Hi Mark,

feel free to submit a fresh pull request now. I looked at your latest commit in the repository in order to cherry-pick it, but it looked like it had a few other bits in it as well.

Best regards,
Karli


On 7/28/19 6:27 PM, Mark Adams via petsc-dev wrote:
This is looking good. I'm not seeing the numerical problems, but I've just hid them by avoiding the GPU on coarse grids.

Should I submit a pull request now or test more or wait for Karl?

On Sat, Jul 27, 2019 at 7:37 PM Mark Adams <[email protected] <mailto:[email protected]>> wrote:

    Barry, I fixed CUDA to pin to CPUs correctly for GAMG at least.
    There are some hacks here that we can work on.

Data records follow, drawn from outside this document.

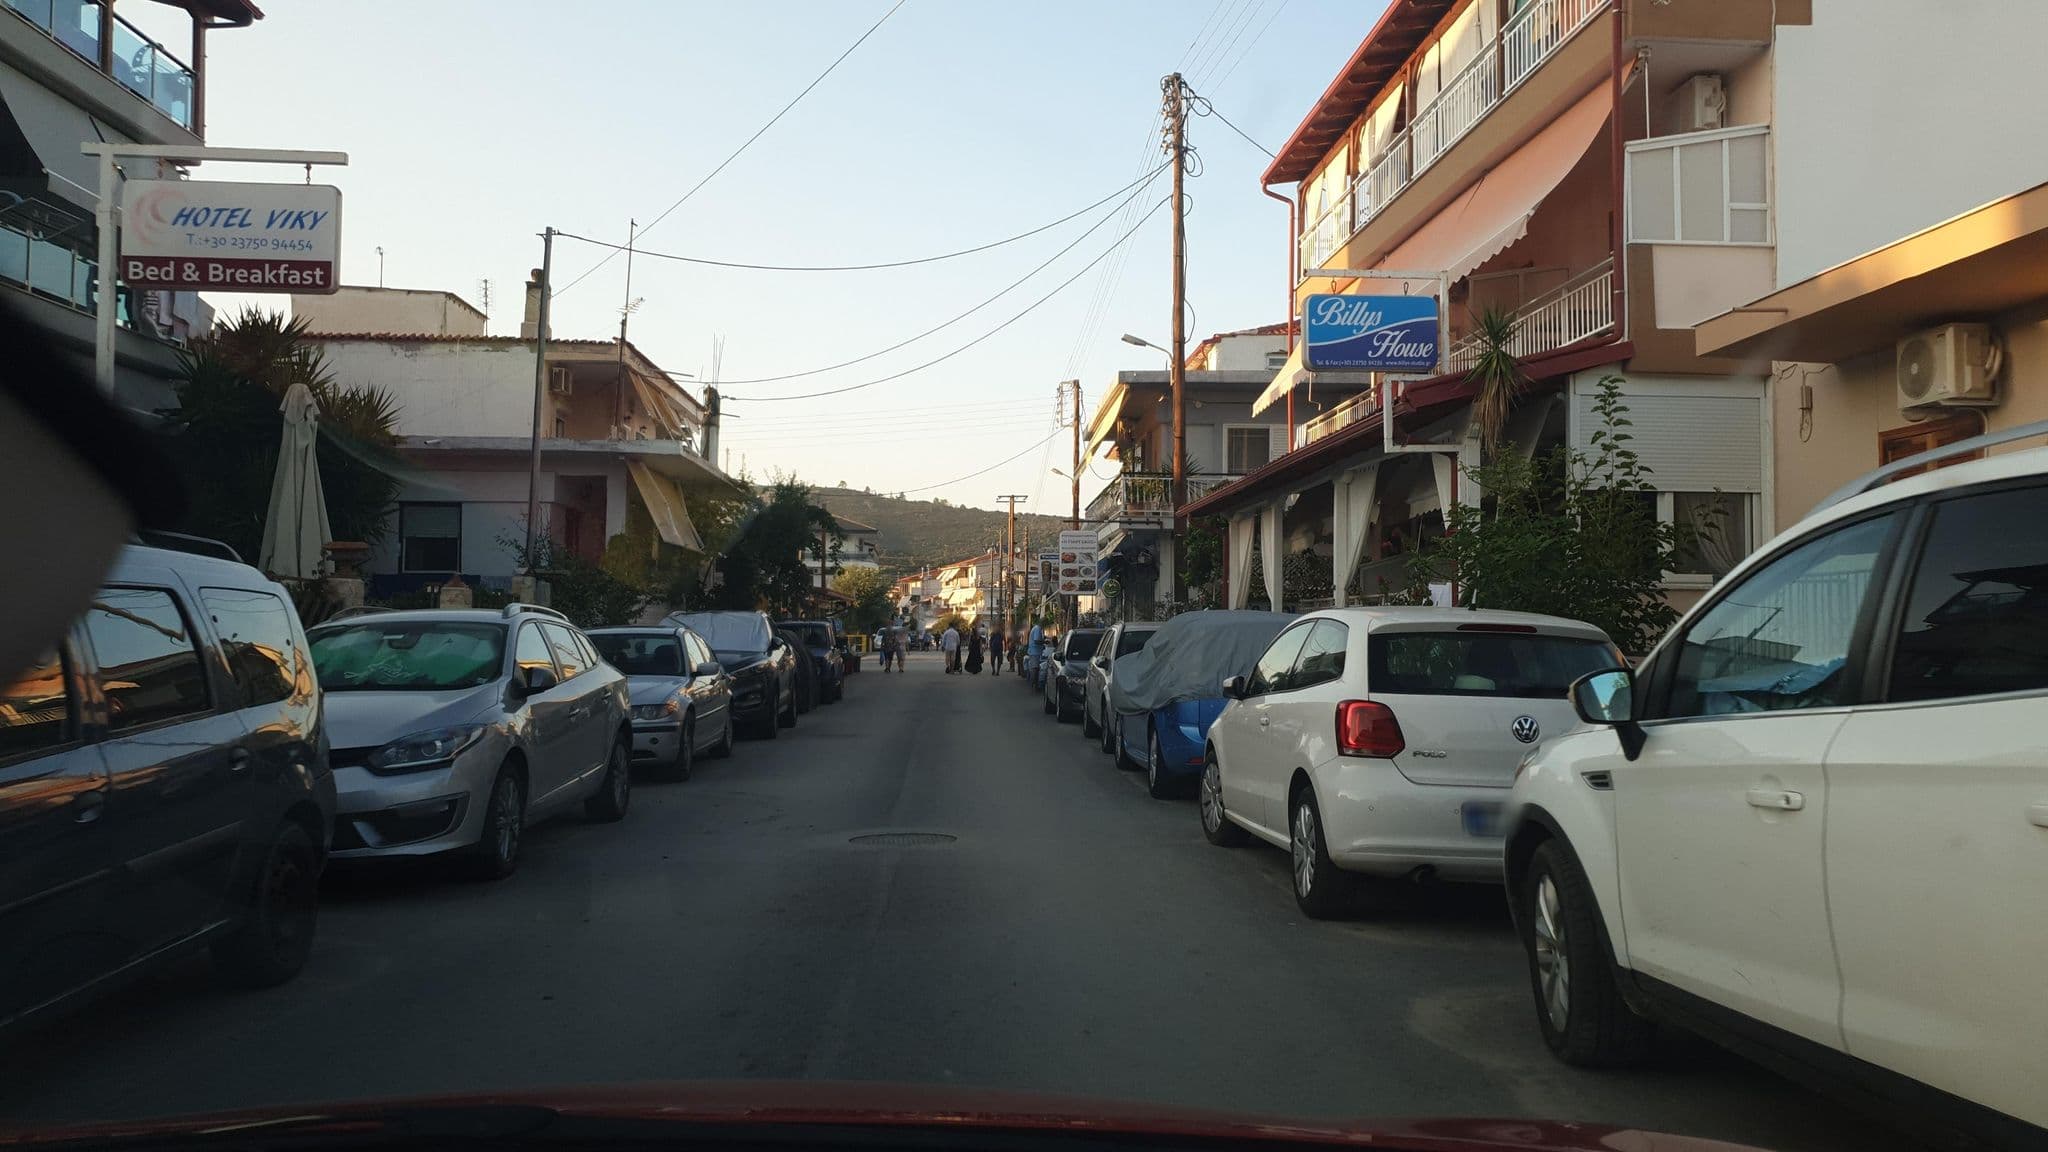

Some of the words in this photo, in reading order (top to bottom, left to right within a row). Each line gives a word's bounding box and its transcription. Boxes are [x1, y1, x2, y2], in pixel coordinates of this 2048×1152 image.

[172, 206, 252, 228] HOTEL
[266, 208, 329, 231] VIKY
[231, 237, 269, 250] 23750
[272, 238, 313, 251] 94454
[128, 260, 175, 281] Bed
[182, 263, 201, 282] &
[208, 263, 325, 285] Breakfast
[1312, 297, 1383, 335] Billys
[1368, 329, 1434, 358] House
[1412, 750, 1448, 759] POLO
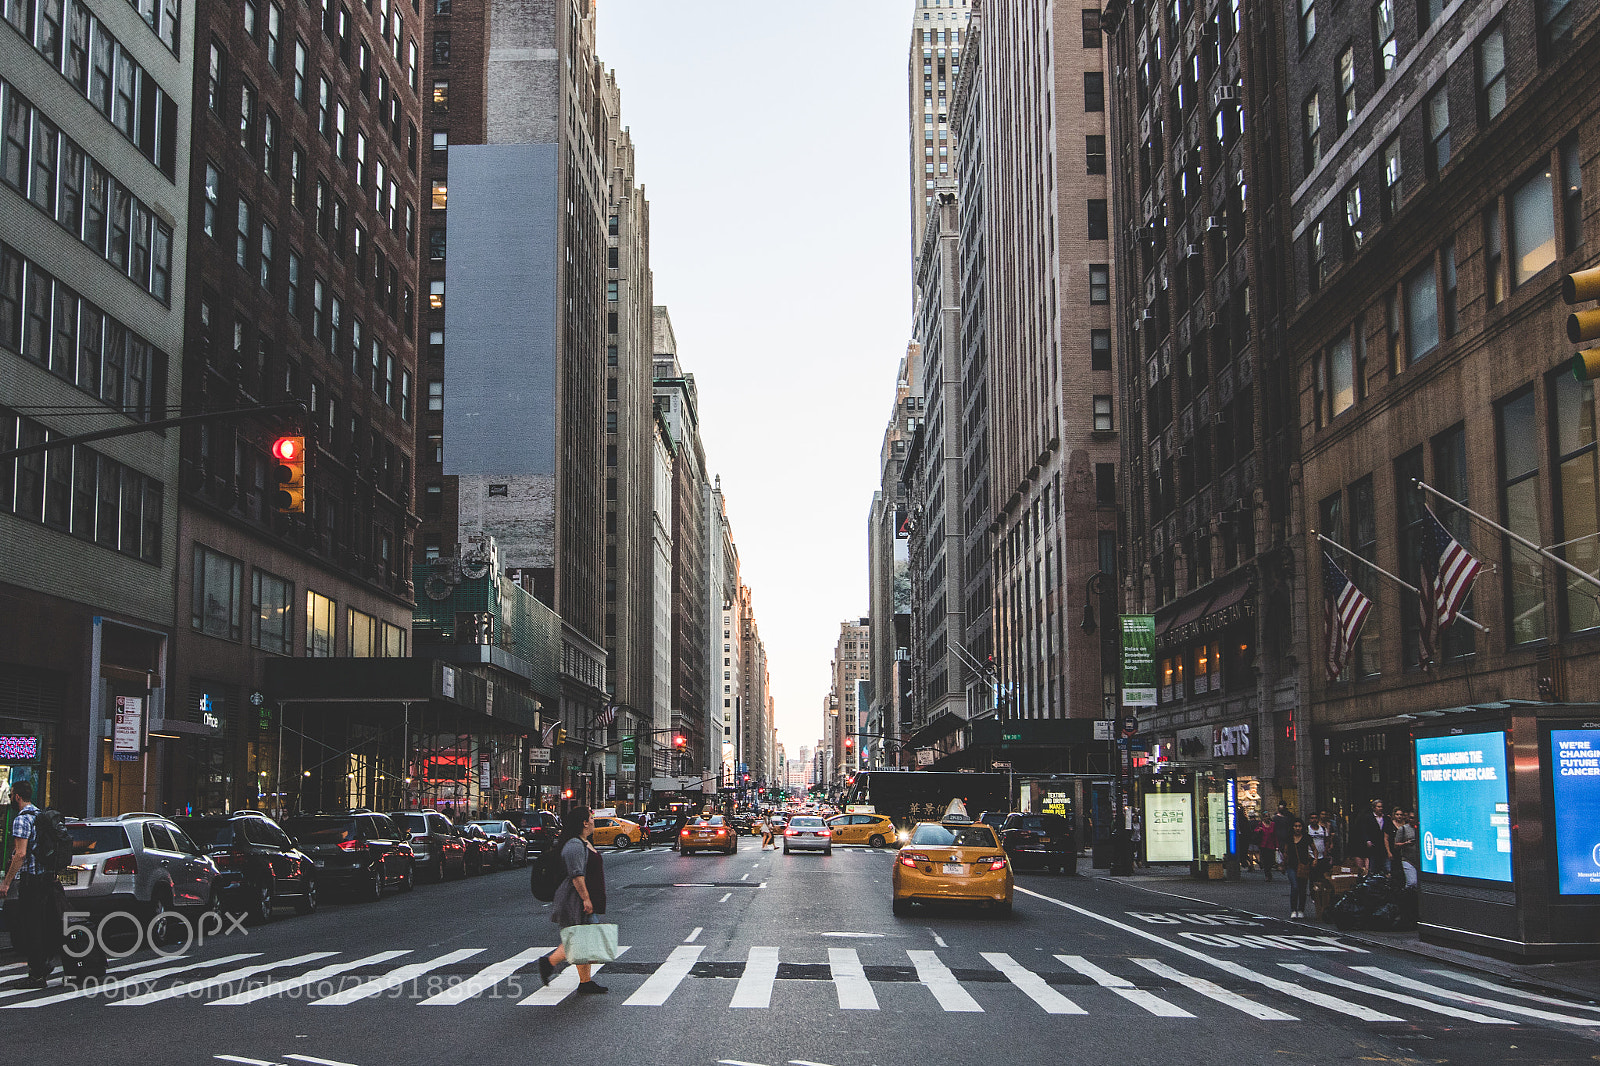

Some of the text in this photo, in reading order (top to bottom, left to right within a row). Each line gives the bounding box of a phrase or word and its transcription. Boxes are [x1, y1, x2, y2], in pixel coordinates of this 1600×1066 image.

[199, 693, 213, 712] dEx
[203, 712, 219, 728] Office
[1221, 723, 1250, 757] GIFTS
[1558, 741, 1591, 750] WE'RE
[1420, 750, 1483, 766] WE'RE CHANGING THE
[1559, 750, 1600, 758] CHANGIN
[1560, 759, 1599, 767] FUTURE
[1420, 769, 1443, 782] FUTURE
[1442, 769, 1453, 781] OF
[1452, 768, 1478, 781] CANCER
[1124, 911, 1264, 927] BUS
[1177, 931, 1371, 954] ONLY

    I will start testing it tomorrow, but I am pretty sure that I have
    not regressed. I am hoping that this will fix the numerical
    problems, which seem to be associated with empty processors.

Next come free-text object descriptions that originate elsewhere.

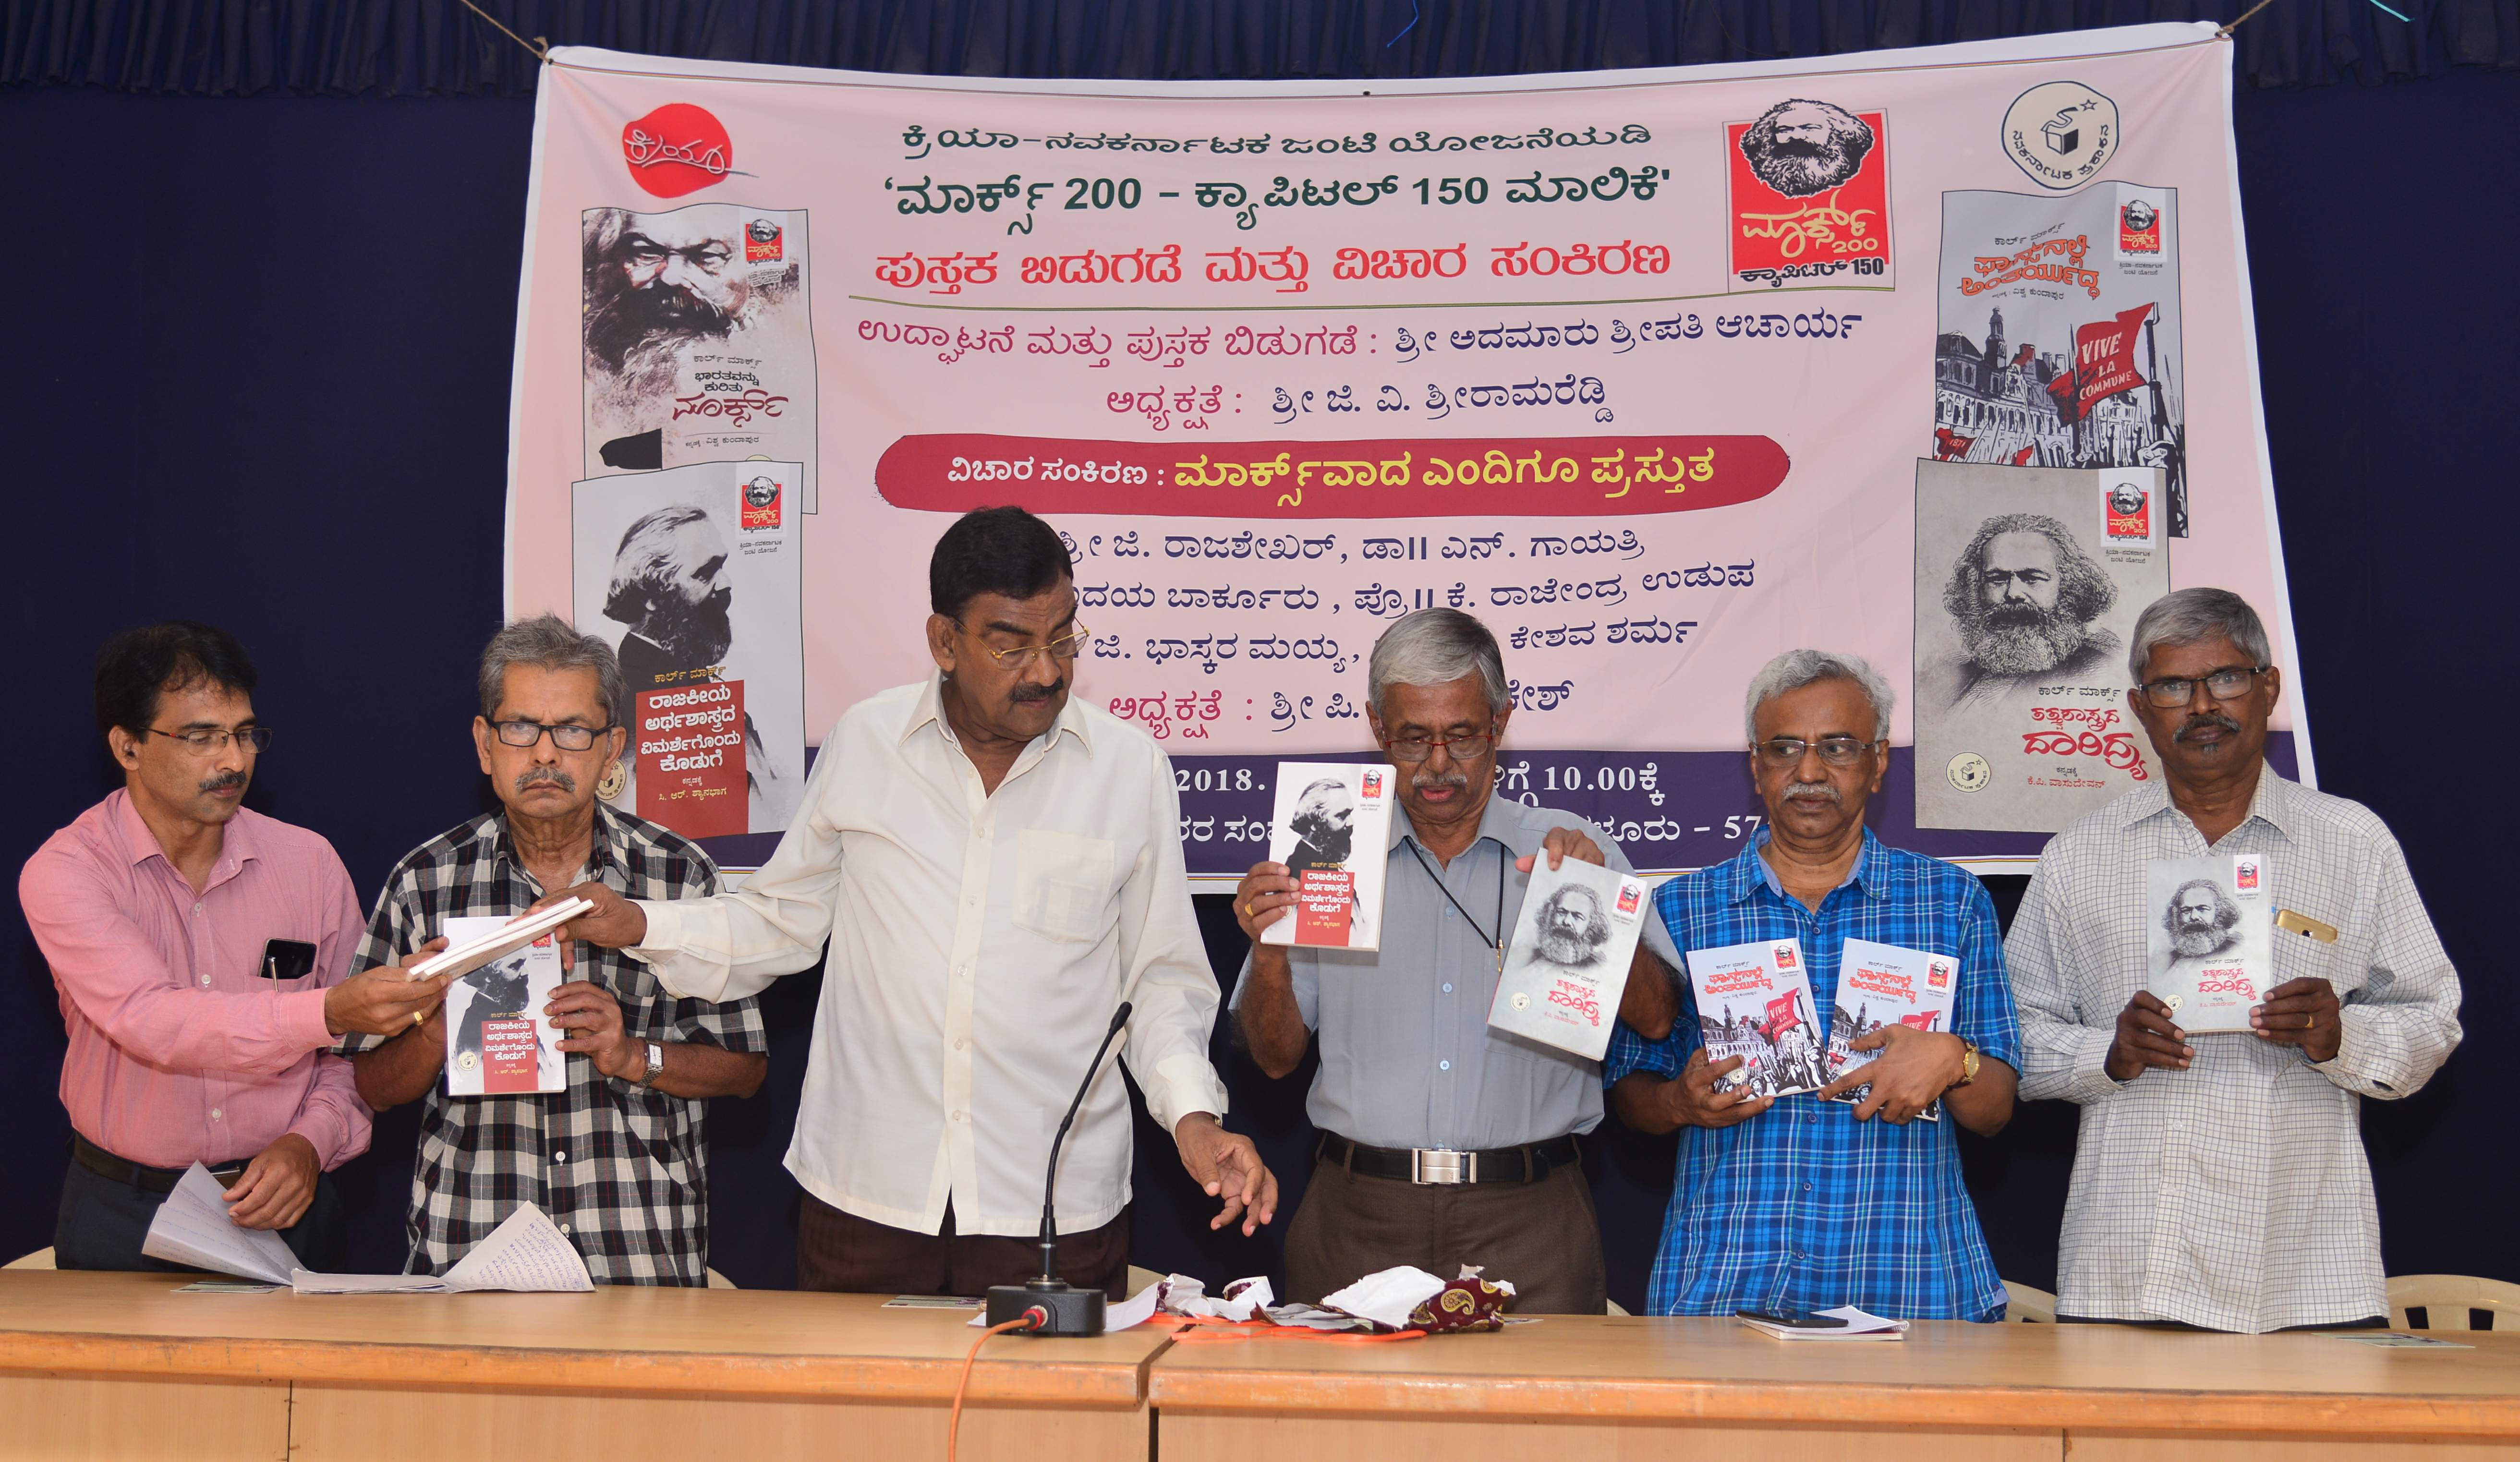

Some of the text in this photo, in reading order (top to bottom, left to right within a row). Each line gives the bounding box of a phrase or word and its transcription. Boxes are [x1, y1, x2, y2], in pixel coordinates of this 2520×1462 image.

[902, 124, 1651, 159] ಕ್ರಿಯಾ-ನವಕರ್ನಾಟಕ ಜಂಟಿ ಯೋಜನೆಯಡಿ
[1064, 178, 1141, 210] 200
[1195, 175, 1398, 230] ಕ್ಯಾಪಿಟಲ್
[1412, 178, 1488, 205] 150
[1832, 238, 1878, 253] 200
[875, 240, 1670, 294] ಪುಸ್ತಕ ಬಿಡುಗಡೆ ಮತ್ತು ವಿಚಾರ ಸಂಕಿರಣ
[1740, 258, 1884, 287] ಕ್ಯಾಪಿಟಲ್ 150
[859, 320, 1014, 365] ಉದ್ಘಾಟನೆ
[1027, 325, 1112, 367] ಮತ್ತು
[1127, 325, 1210, 367] ಪುಸ್ತಕ
[1224, 324, 1357, 356] ಬಿಡುಗಡೆ
[1395, 325, 1435, 363] ಶ್ರೀ
[1450, 319, 1599, 351] ಅದಮಾರು
[1611, 312, 1703, 354] ಶ್ರೀಪತಿ
[1716, 306, 1862, 338] ಆಚಾರ್ಯ
[2082, 332, 2122, 364] VIVE
[727, 357, 762, 369] ಮಾರ್ಕ್ಸ್
[2098, 361, 2116, 377] LA
[695, 371, 759, 386] ಭಾರತವನ್ನು
[705, 382, 742, 392] ಕುರಿತು
[2079, 370, 2132, 400] COMMUNE
[1107, 386, 1222, 431] ಅಧ್ಯಕ್ಷತೆ
[1272, 387, 1313, 424] ಶ್ರೀ
[1327, 384, 1360, 412] ಜಿ.
[1376, 385, 1409, 412] ವಿ.
[1425, 374, 1614, 422] ಶ್ರೀರಾಮರೆಡ್ಡಿ
[1950, 439, 1966, 447] 1871
[947, 456, 1034, 482] ವಿಚಾರ
[1041, 457, 1147, 484] ಸಂಕಿರಣ
[1423, 450, 1578, 486] ಎಂದಿಗೂ
[1591, 447, 1714, 498] ಪ್ರಸ್ತುತ
[1114, 531, 1150, 558] ಜಿ.
[1165, 531, 1347, 564] ರಾಜಶೇಖರ್,
[1442, 532, 1515, 560] ಎನ್.
[1531, 530, 1644, 560] ಗಾಯತ್ರಿ
[1168, 584, 1319, 609] ಬಾರ್ಕೂರು
[1447, 582, 1475, 607] ಕೆ.
[1490, 574, 1627, 606] ರಾಜೇಂದ್ರ
[1642, 559, 1755, 591] ಉಡುಪ
[1094, 635, 1130, 659] ಜಿ.
[1146, 633, 1238, 674] ಭಾಸ್ಕರ
[1249, 633, 1359, 673] ಮಯ್ಯ,
[1510, 621, 1595, 649] ಕೇಶವ
[1607, 615, 1698, 644] ಶರ್ಮ
[655, 671, 686, 682] ಕಾರ್ಲ್
[649, 684, 731, 709] ರಾಜಕೀಯ
[2038, 686, 2120, 702] ಕಾರ್ಲ್ ಮಾರ್ಕ್ಸ್
[645, 704, 735, 732] ಅರ್ಥಶಾಸ್ತ್ರದ
[1110, 689, 1222, 739] ಅಧ್ಯಕ್ಷತೆ
[1271, 691, 1313, 732] ಶ್ರೀ
[1325, 694, 1359, 718] ಪಿ.
[641, 730, 740, 754] ವಿಮರ್ಶೆಗೊಂದು
[660, 749, 723, 772] ಕೊಡುಗೆ
[2057, 767, 2077, 777] ಕನ್ನಡಕ್ಕೆ
[682, 776, 702, 786] ಕನ್ನಡಕ್ಕೆ
[1543, 762, 1665, 806] 10.00ಕ್ಕೆ
[2049, 778, 2105, 788] ವಾಸುದೇವನ್
[1770, 1002, 1787, 1018] VIVE
[1779, 1015, 1787, 1023] LA
[488, 1020, 530, 1030] ರಾಜಕೀಯ
[1772, 1017, 1795, 1034] COMMUNE
[495, 1051, 526, 1060] ಕೊಡುಗೆ

    I did need to touch code outside of GAMG and CUDA. It might be nice
    to test this in a next.

    GAMG now puts all reduced processorg grids on the CPU. This could be
    looked at in the future.


    On Sat, Jul 27, 2019 at 1:00 PM Smith, Barry F. <[email protected]
    <mailto:[email protected]>> wrote:



         > On Jul 27, 2019, at 11:53 AM, Mark Adams <[email protected]
        <mailto:[email protected]>> wrote:
         >
         >
         > On Sat, Jul 27, 2019 at 11:39 AM Smith, Barry F.
        <[email protected] <mailto:[email protected]>> wrote:
         >
         >   Good catch. Thanks. Maybe the SeqCUDA has the same problem?
         >
         > THis is done  (I may have done it).
         >
         > Now it seems to me that when you call VecPinToCPU you are
        setting up and don't have data, so this copy does not seem
        necessary. Maybe remove the copy here:
         >
         > PetscErrorCode VecPinToCPU_MPICUDA(Vec V,PetscBool pin)
         > {
         >   PetscErrorCode ierr;
         >
         >   PetscFunctionBegin;
         >   V->pinnedtocpu = pin;
         >   if (pin) {
         >     ierr = VecCUDACopyFromGPU(V);CHKERRQ(ierr); ????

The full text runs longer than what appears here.